→ **The input**:
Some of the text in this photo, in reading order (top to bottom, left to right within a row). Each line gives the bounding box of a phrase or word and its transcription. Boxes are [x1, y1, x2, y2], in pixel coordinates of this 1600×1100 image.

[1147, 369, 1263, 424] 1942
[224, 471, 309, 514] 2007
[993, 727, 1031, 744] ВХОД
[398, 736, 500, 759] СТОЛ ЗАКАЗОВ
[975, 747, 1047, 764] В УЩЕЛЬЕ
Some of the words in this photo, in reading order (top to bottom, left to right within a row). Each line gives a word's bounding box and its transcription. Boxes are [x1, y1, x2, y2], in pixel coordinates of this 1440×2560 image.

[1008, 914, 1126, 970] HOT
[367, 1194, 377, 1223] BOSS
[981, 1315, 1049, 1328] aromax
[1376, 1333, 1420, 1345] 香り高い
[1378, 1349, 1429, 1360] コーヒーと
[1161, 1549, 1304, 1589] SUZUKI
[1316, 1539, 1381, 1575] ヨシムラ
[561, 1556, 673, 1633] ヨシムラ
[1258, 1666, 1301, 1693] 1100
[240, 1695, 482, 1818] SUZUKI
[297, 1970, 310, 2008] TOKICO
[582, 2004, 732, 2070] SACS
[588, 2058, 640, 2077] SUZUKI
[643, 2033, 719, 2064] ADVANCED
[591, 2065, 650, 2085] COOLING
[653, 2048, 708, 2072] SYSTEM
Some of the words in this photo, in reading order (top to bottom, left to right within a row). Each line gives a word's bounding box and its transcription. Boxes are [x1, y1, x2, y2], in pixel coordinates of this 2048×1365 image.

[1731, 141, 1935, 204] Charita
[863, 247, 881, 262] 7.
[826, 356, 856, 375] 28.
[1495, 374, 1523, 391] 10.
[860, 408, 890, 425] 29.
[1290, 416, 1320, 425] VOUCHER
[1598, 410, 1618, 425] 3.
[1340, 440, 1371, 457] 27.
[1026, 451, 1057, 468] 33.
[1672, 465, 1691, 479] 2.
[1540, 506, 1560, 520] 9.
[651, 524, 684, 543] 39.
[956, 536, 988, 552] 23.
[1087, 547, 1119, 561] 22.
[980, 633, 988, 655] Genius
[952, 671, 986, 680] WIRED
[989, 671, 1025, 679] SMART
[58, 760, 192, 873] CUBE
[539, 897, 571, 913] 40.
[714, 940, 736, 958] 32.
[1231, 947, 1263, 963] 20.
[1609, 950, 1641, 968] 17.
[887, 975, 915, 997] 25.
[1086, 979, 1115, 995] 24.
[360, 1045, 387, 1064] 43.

→ **Aim of the exercise**: Restate the material word for word so that no line differs from the original.

→ **Written solution**:
Some of the text in this photo, in reading order (top to bottom, left to right within a row). Each line gives the bounding box of a phrase or word and its transcription. Boxes are [x1, y1, x2, y2], in pixel coordinates of this 1600×1100 image.

[1147, 369, 1263, 424] 1942
[224, 471, 309, 514] 2007
[993, 727, 1031, 744] ВХОД
[398, 736, 500, 759] СТОЛ ЗАКАЗОВ
[975, 747, 1047, 764] В УЩЕЛЬЕ
Some of the words in this photo, in reading order (top to bottom, left to right within a row). Each line gives a word's bounding box and its transcription. Boxes are [x1, y1, x2, y2], in pixel coordinates of this 1440×2560 image.

[1008, 914, 1126, 970] HOT
[367, 1194, 377, 1223] BOSS
[981, 1315, 1049, 1328] aromax
[1376, 1333, 1420, 1345] 香り高い
[1378, 1349, 1429, 1360] コーヒーと
[1161, 1549, 1304, 1589] SUZUKI
[1316, 1539, 1381, 1575] ヨシムラ
[561, 1556, 673, 1633] ヨシムラ
[1258, 1666, 1301, 1693] 1100
[240, 1695, 482, 1818] SUZUKI
[297, 1970, 310, 2008] TOKICO
[582, 2004, 732, 2070] SACS
[588, 2058, 640, 2077] SUZUKI
[643, 2033, 719, 2064] ADVANCED
[591, 2065, 650, 2085] COOLING
[653, 2048, 708, 2072] SYSTEM
Some of the words in this photo, in reading order (top to bottom, left to right within a row). Each line gives a word's bounding box and its transcription. Boxes are [x1, y1, x2, y2], in pixel coordinates of this 2048×1365 image.

[1731, 141, 1935, 204] Charita
[863, 247, 881, 262] 7.
[826, 356, 856, 375] 28.
[1495, 374, 1523, 391] 10.
[860, 408, 890, 425] 29.
[1290, 416, 1320, 425] VOUCHER
[1598, 410, 1618, 425] 3.
[1340, 440, 1371, 457] 27.
[1026, 451, 1057, 468] 33.
[1672, 465, 1691, 479] 2.
[1540, 506, 1560, 520] 9.
[651, 524, 684, 543] 39.
[956, 536, 988, 552] 23.
[1087, 547, 1119, 561] 22.
[980, 633, 988, 655] Genius
[952, 671, 986, 680] WIRED
[989, 671, 1025, 679] SMART
[58, 760, 192, 873] CUBE
[539, 897, 571, 913] 40.
[714, 940, 736, 958] 32.
[1231, 947, 1263, 963] 20.
[1609, 950, 1641, 968] 17.
[887, 975, 915, 997] 25.
[1086, 979, 1115, 995] 24.
[360, 1045, 387, 1064] 43.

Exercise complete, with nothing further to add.